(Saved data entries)

Start of Block

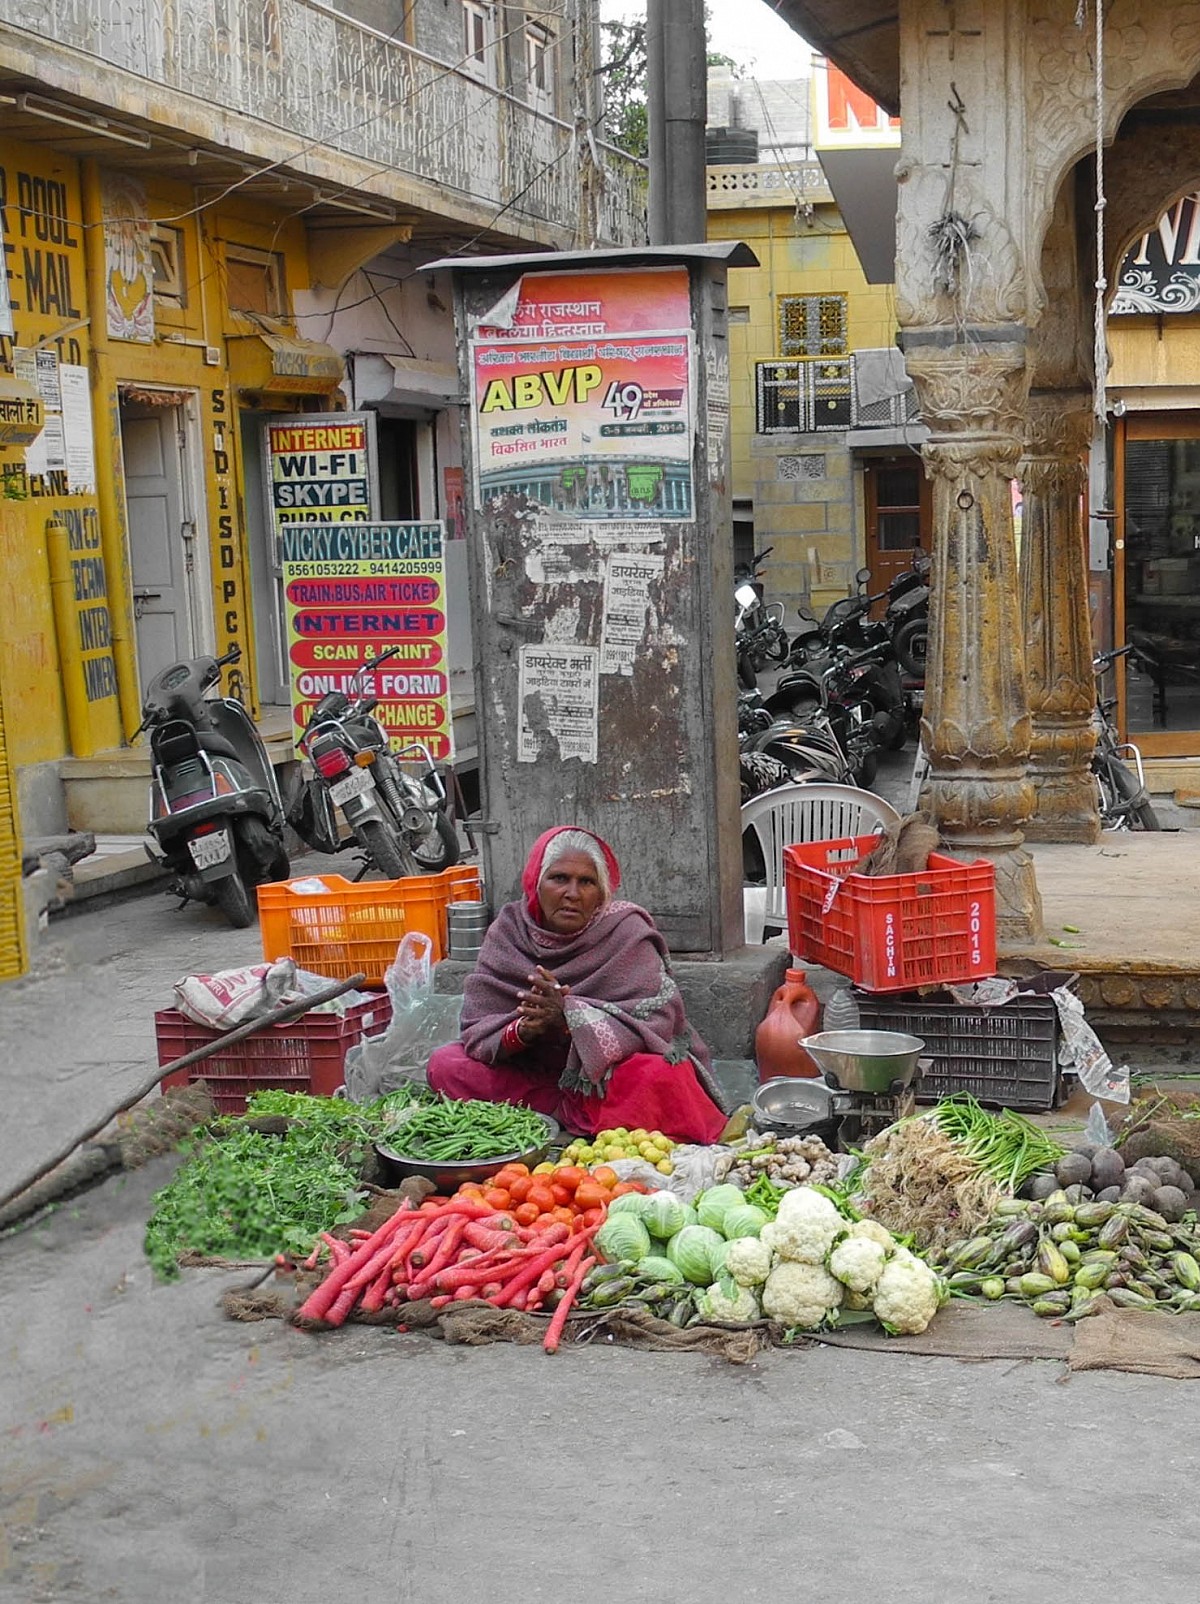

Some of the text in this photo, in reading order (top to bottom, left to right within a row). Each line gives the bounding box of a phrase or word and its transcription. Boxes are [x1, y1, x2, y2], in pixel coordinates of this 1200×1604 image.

[17, 172, 77, 248] POOL
[481, 366, 602, 412] ABVP
[602, 381, 642, 420] 49
[272, 428, 363, 450] INTERNET
[492, 437, 568, 456] विकसित भारत
[278, 453, 357, 477] WI-FI
[278, 482, 365, 507] SKYPE
[284, 526, 440, 561] VICKY CYBER CAFE
[288, 563, 359, 576] 8561053222
[370, 561, 442, 574] 9414205999
[390, 583, 439, 600] TICKET
[293, 614, 438, 632] INTERNET
[313, 644, 432, 659] SCAN & PRINT
[300, 675, 440, 694] ONLINE FORM
[886, 913, 896, 977] SACHIN
[970, 902, 981, 964] 2015

End of Block

Give back every record above word for word, dropping pictures.

Exercise answer:
Some of the text in this photo, in reading order (top to bottom, left to right within a row). Each line gives the bounding box of a phrase or word and its transcription. Boxes are [x1, y1, x2, y2], in pixel coordinates of this 1200×1604 image.

[17, 172, 77, 248] POOL
[481, 366, 602, 412] ABVP
[602, 381, 642, 420] 49
[272, 428, 363, 450] INTERNET
[492, 437, 568, 456] विकसित भारत
[278, 453, 357, 477] WI-FI
[278, 482, 365, 507] SKYPE
[284, 526, 440, 561] VICKY CYBER CAFE
[288, 563, 359, 576] 8561053222
[370, 561, 442, 574] 9414205999
[390, 583, 439, 600] TICKET
[293, 614, 438, 632] INTERNET
[313, 644, 432, 659] SCAN & PRINT
[300, 675, 440, 694] ONLINE FORM
[886, 913, 896, 977] SACHIN
[970, 902, 981, 964] 2015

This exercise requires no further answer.